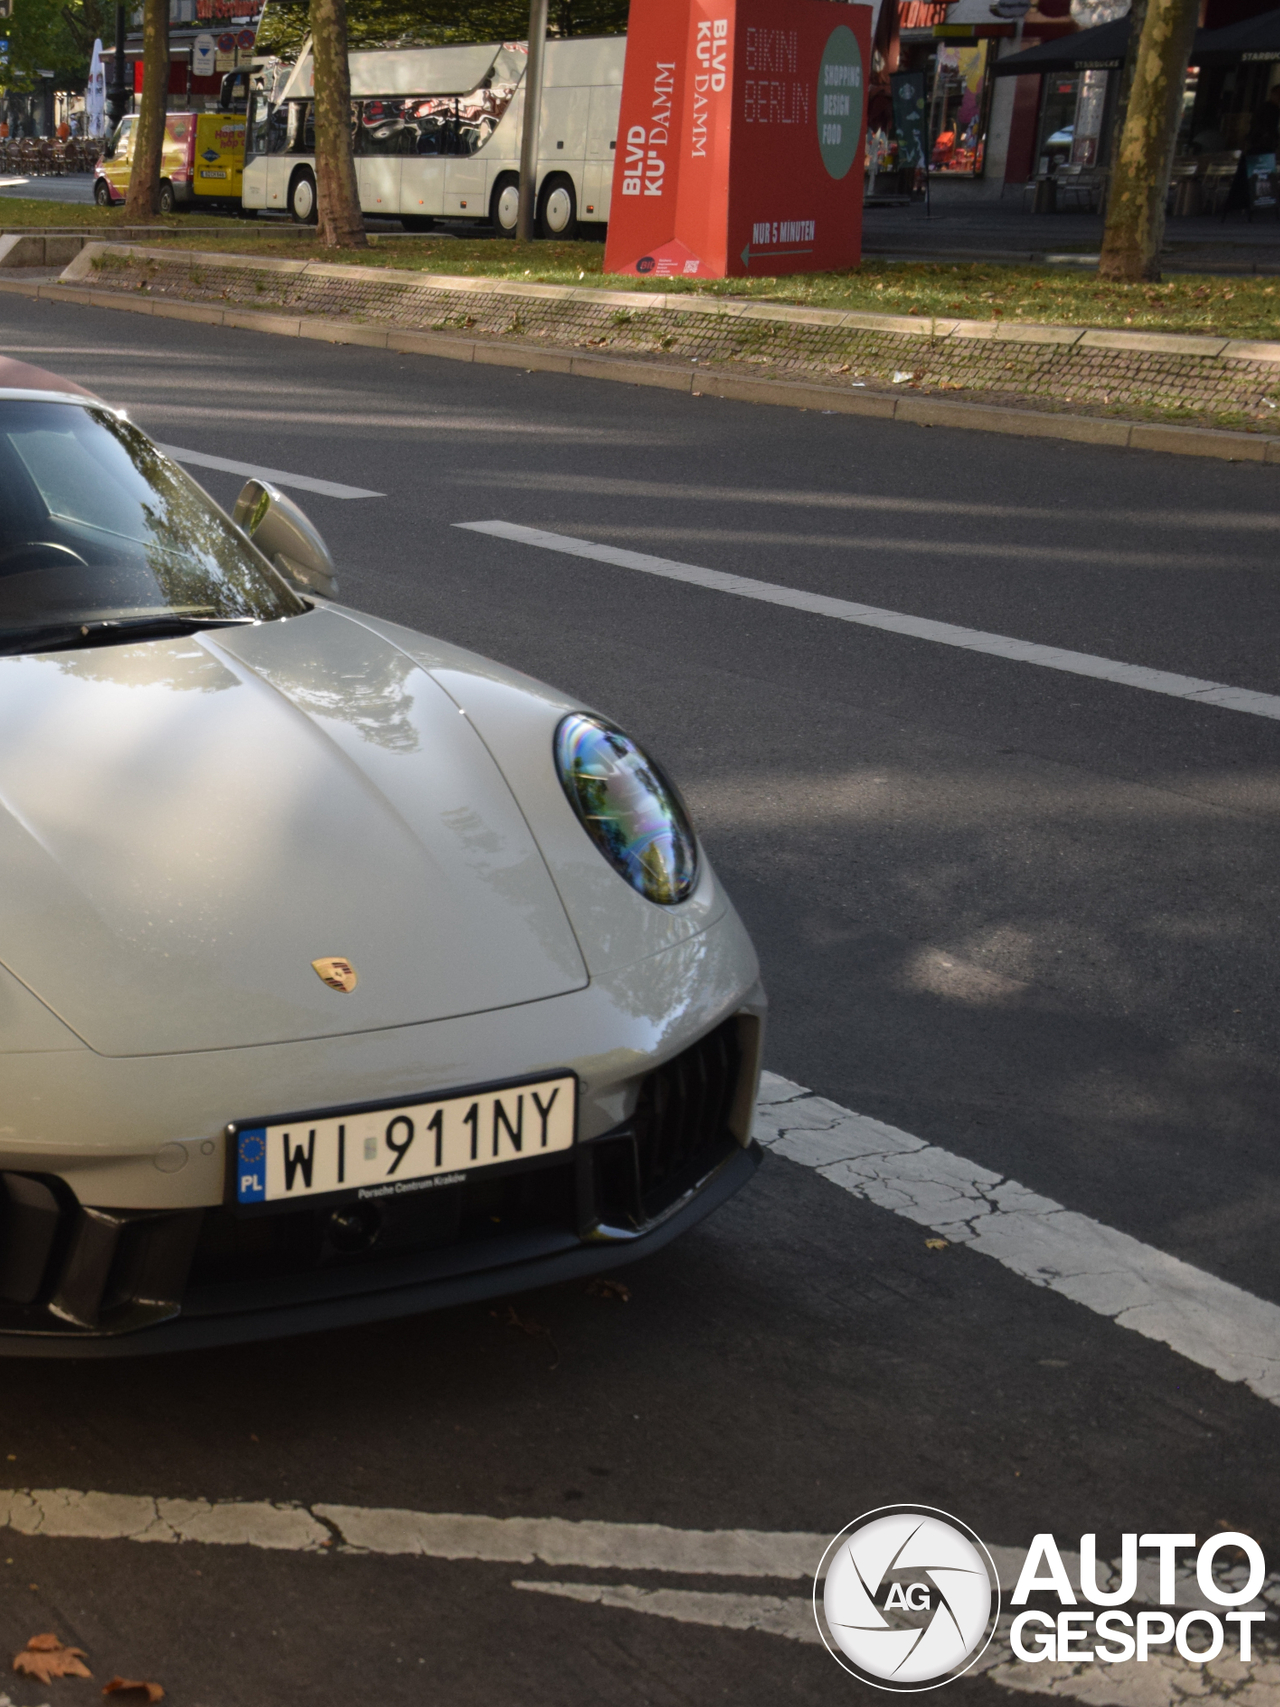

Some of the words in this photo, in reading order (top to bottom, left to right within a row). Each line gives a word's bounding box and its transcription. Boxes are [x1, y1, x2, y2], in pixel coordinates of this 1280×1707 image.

[711, 19, 728, 92] BLVD
[746, 27, 798, 73] BIKINI
[1074, 59, 1120, 69] STARBUCKS
[824, 64, 860, 88] SHOPPING
[744, 80, 809, 124] BERLIN
[823, 93, 850, 116] DESIGN
[215, 130, 235, 142] Hop
[220, 139, 238, 149] hop
[822, 123, 842, 145] FOOD
[622, 125, 646, 196] BLVD
[753, 222, 770, 244] NUR
[772, 222, 778, 242] 5
[282, 1124, 346, 1191] WI
[385, 1087, 561, 1176] 911NY
[240, 1174, 263, 1193] PL
[357, 1188, 394, 1200] Porsche
[394, 1179, 433, 1194] Centrum
[434, 1173, 467, 1187] Kraków
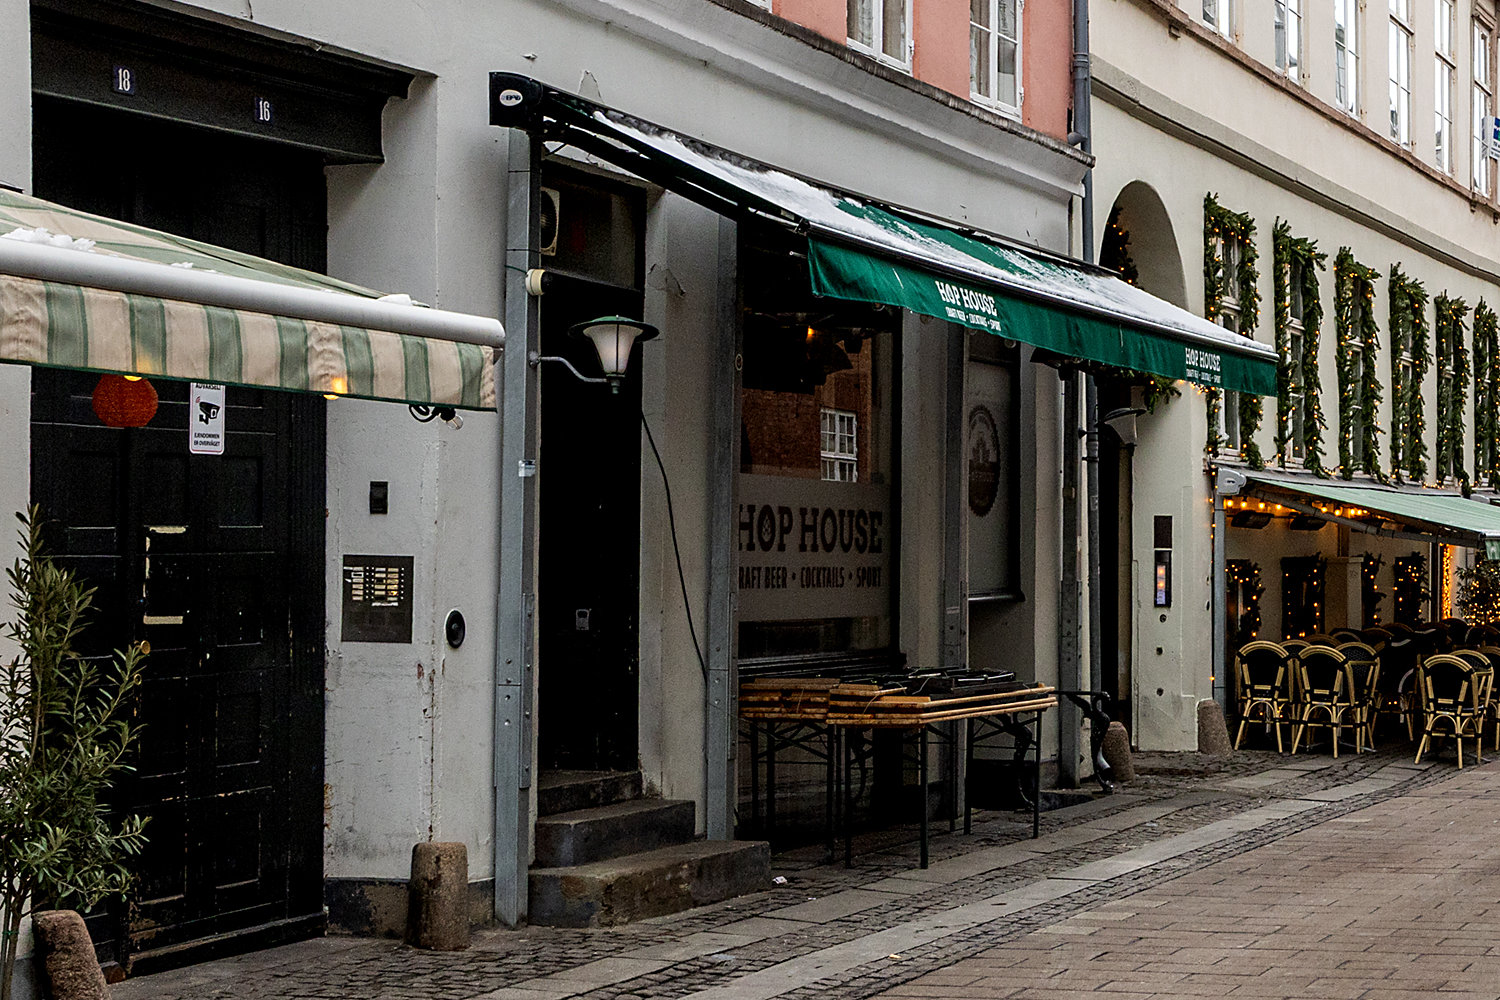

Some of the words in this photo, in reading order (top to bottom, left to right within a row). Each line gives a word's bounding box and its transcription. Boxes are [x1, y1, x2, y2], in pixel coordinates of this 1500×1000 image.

[117, 68, 131, 92] 18
[258, 100, 271, 122] 16
[935, 281, 961, 306] HOP
[959, 287, 998, 317] HOUSE
[1185, 347, 1199, 367] HOP
[1199, 350, 1221, 372] HOUSE
[738, 503, 794, 552] HOP
[798, 506, 883, 554] HOUSE
[738, 566, 762, 589] RAFT
[764, 566, 788, 589] BEER
[800, 566, 845, 589] COCKTAILS
[856, 566, 882, 588] SPORT
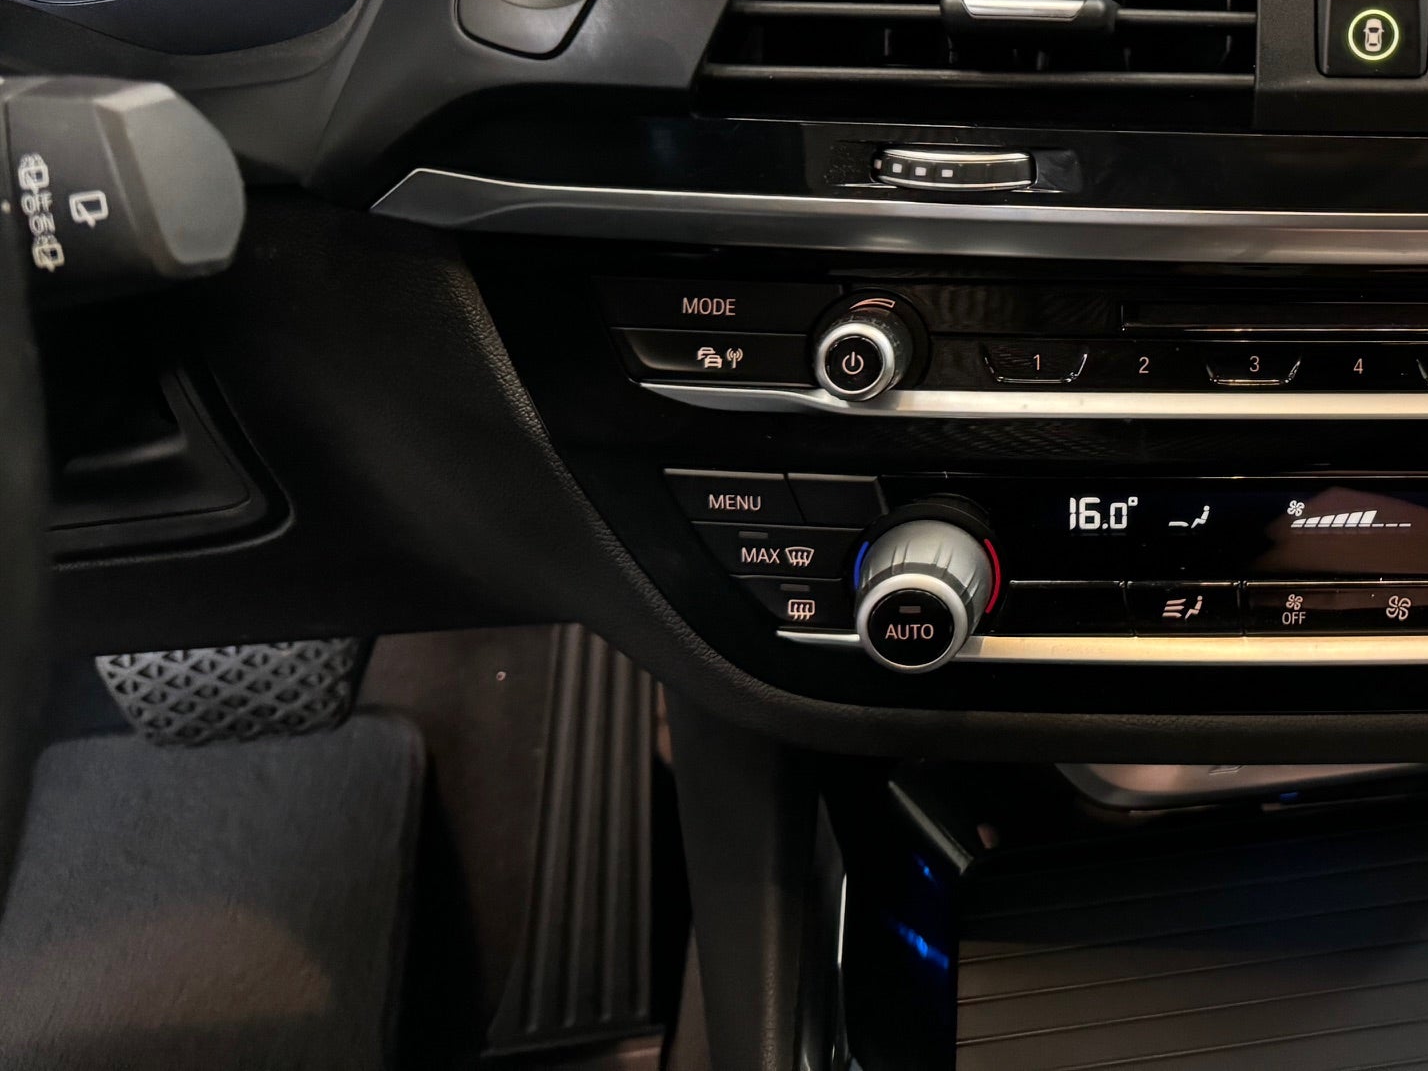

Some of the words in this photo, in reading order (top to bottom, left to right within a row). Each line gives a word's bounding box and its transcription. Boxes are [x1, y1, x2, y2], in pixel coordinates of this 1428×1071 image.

[29, 214, 56, 236] ON
[682, 297, 736, 316] MODE
[1032, 354, 1041, 371] 1
[1138, 356, 1150, 374] 2
[1249, 355, 1260, 373] 3
[1353, 357, 1364, 375] 4
[708, 494, 761, 511] MENU
[741, 547, 780, 564] MAX
[1281, 611, 1306, 625] OFF
[885, 623, 934, 640] AUTO

_WORK TO COMPLETE_
The lines from the one with "this 1428×1071 image." through the end of the data above are to be set down exactly, with both boundary lines included and no other lines.

_TASK SOLUTION_
Some of the words in this photo, in reading order (top to bottom, left to right within a row). Each line gives a word's bounding box and its transcription. Boxes are [x1, y1, x2, y2], in pixel coordinates of this 1428×1071 image.

[29, 214, 56, 236] ON
[682, 297, 736, 316] MODE
[1032, 354, 1041, 371] 1
[1138, 356, 1150, 374] 2
[1249, 355, 1260, 373] 3
[1353, 357, 1364, 375] 4
[708, 494, 761, 511] MENU
[741, 547, 780, 564] MAX
[1281, 611, 1306, 625] OFF
[885, 623, 934, 640] AUTO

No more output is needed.